━━ Input data ━━

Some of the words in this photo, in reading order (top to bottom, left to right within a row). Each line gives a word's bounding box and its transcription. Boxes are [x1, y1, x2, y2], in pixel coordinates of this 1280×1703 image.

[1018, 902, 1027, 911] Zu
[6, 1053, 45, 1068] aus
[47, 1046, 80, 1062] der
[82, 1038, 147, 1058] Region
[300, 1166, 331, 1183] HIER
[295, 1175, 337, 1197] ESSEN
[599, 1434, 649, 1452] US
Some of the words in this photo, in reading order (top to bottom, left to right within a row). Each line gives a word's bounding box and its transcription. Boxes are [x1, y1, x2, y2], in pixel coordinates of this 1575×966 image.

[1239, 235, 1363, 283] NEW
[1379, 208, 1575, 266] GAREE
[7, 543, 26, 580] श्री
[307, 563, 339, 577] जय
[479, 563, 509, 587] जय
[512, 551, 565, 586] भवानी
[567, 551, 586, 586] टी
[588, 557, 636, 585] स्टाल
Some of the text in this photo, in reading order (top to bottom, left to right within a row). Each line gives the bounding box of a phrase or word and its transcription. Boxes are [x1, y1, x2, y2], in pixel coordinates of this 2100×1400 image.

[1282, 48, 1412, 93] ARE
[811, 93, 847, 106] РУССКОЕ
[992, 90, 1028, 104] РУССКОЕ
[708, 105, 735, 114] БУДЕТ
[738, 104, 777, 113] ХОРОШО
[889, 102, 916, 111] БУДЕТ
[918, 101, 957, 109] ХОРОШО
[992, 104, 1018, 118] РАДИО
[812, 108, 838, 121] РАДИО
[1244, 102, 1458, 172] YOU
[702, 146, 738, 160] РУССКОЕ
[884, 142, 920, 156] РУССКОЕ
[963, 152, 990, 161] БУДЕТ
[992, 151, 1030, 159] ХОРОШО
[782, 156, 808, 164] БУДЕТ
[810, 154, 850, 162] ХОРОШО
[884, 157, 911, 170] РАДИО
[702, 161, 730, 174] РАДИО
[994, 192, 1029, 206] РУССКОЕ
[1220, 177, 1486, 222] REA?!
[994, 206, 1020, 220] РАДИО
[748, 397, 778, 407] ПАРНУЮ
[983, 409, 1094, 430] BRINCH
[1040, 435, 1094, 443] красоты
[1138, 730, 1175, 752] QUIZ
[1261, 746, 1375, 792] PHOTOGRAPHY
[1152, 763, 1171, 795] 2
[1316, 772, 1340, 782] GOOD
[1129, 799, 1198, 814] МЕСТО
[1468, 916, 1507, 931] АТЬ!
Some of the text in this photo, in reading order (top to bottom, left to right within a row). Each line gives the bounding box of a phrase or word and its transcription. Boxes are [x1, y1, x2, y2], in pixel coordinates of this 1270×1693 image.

━━━

* Instructions to follow
All of the entries above need to be reproduced exactly.

* Response area
Some of the words in this photo, in reading order (top to bottom, left to right within a row). Each line gives a word's bounding box and its transcription. Boxes are [x1, y1, x2, y2], in pixel coordinates of this 1280×1703 image.

[1018, 902, 1027, 911] Zu
[6, 1053, 45, 1068] aus
[47, 1046, 80, 1062] der
[82, 1038, 147, 1058] Region
[300, 1166, 331, 1183] HIER
[295, 1175, 337, 1197] ESSEN
[599, 1434, 649, 1452] US
Some of the words in this photo, in reading order (top to bottom, left to right within a row). Each line gives a word's bounding box and its transcription. Boxes are [x1, y1, x2, y2], in pixel coordinates of this 1575×966 image.

[1239, 235, 1363, 283] NEW
[1379, 208, 1575, 266] GAREE
[7, 543, 26, 580] श्री
[307, 563, 339, 577] जय
[479, 563, 509, 587] जय
[512, 551, 565, 586] भवानी
[567, 551, 586, 586] टी
[588, 557, 636, 585] स्टाल
Some of the text in this photo, in reading order (top to bottom, left to right within a row). Each line gives the bounding box of a phrase or word and its transcription. Boxes are [x1, y1, x2, y2], in pixel coordinates of this 2100×1400 image.

[1282, 48, 1412, 93] ARE
[811, 93, 847, 106] РУССКОЕ
[992, 90, 1028, 104] РУССКОЕ
[708, 105, 735, 114] БУДЕТ
[738, 104, 777, 113] ХОРОШО
[889, 102, 916, 111] БУДЕТ
[918, 101, 957, 109] ХОРОШО
[992, 104, 1018, 118] РАДИО
[812, 108, 838, 121] РАДИО
[1244, 102, 1458, 172] YOU
[702, 146, 738, 160] РУССКОЕ
[884, 142, 920, 156] РУССКОЕ
[963, 152, 990, 161] БУДЕТ
[992, 151, 1030, 159] ХОРОШО
[782, 156, 808, 164] БУДЕТ
[810, 154, 850, 162] ХОРОШО
[884, 157, 911, 170] РАДИО
[702, 161, 730, 174] РАДИО
[994, 192, 1029, 206] РУССКОЕ
[1220, 177, 1486, 222] REA?!
[994, 206, 1020, 220] РАДИО
[748, 397, 778, 407] ПАРНУЮ
[983, 409, 1094, 430] BRINCH
[1040, 435, 1094, 443] красоты
[1138, 730, 1175, 752] QUIZ
[1261, 746, 1375, 792] PHOTOGRAPHY
[1152, 763, 1171, 795] 2
[1316, 772, 1340, 782] GOOD
[1129, 799, 1198, 814] МЕСТО
[1468, 916, 1507, 931] АТЬ!
Some of the text in this photo, in reading order (top to bottom, left to right within a row). Each line gives the bounding box of a phrase or word and its transcription. Boxes are [x1, y1, x2, y2], in pixel coordinates of this 1270×1693 image.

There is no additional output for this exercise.